Bio-printing of aligned GelMa-based cell-laden structure for muscle tissue regeneration

• Published in: Bioactive materials Vol. 8; pp. 57 - 70
• Main Authors: Hwangbo, Hanjun, Lee, Hyeongjin, Jin, Eun-Ju, Lee, JaeYoon, Jo, Yunju, Ryu, Dongryeol, Kim, GeunHyung
• Format: Journal Article
• Language: English
• Published: Elsevier B.V 01.02.2022; KeAi Publishing; KeAi Communications Co., Ltd
• Subjects: 3D bioprinting; GelMa bio-ink; in-situ crosslinking; Myogenesis; 3D bioprinting; Myogenesis; GelMa bio-ink; in-situ crosslinking
• ISSN: 2452-199X; 2452-199X
• DOI: 10.1016/j.bioactmat.2021.06.031

Volumetric muscle loss (VML) is associated with a severe loss of muscle tissue that overwhelms the regenerative potential of skeletal muscles. Tissue engineering has shown promise for the treatment of VML injuries, as evidenced by various preclinical trials. The present study describes the fabrication of a cell-laden GelMa muscle construct using an in situ crosslinking (ISC) strategy to improve muscle functionality. To obtain optimal biophysical properties of the muscle construct, two UV exposure sources, UV exposure dose, and wall shear stress were evaluated using C2C12 myoblasts. Additionally, the ISC system showed a significantly higher degree of uniaxial alignment and myogenesis compared to the conventional crosslinking strategy (post-crosslinking). To evaluate the in vivo regenerative potential, muscle constructs laden with human adipose stem cells were used. The VML defect group implanted with the bio-printed muscle construct showed significant restoration of functionality and muscular volume.
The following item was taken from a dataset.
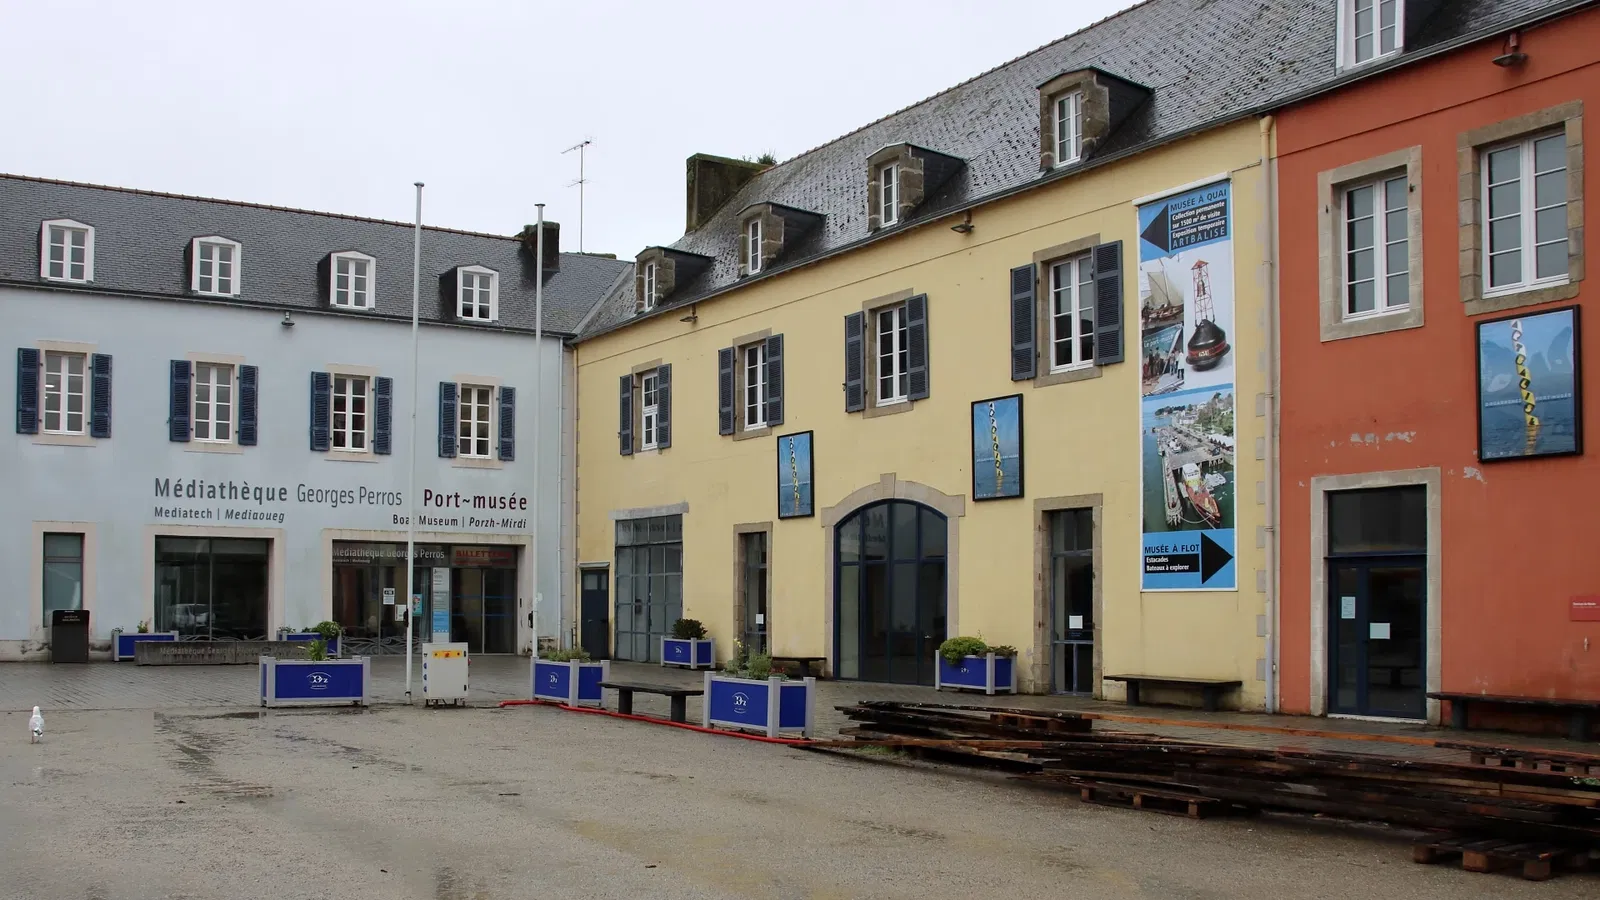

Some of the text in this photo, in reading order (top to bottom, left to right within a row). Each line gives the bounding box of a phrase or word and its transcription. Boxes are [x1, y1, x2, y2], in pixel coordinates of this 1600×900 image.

The data presented in this study suggest that stem cell-based therapies combined with the modified bioprinting process could potentially be effective against VML injuries. [Display omitted] •A new bioprinting system using myoblasts and stem cells was investigated for muscle regeneration.•Efficient myogenesis was achieved on the new bioprinted structure compared to the conventional bioprinted structure.•The bioprinted structure significantly accelerated tibialis anterior muscle recovery on mouse model.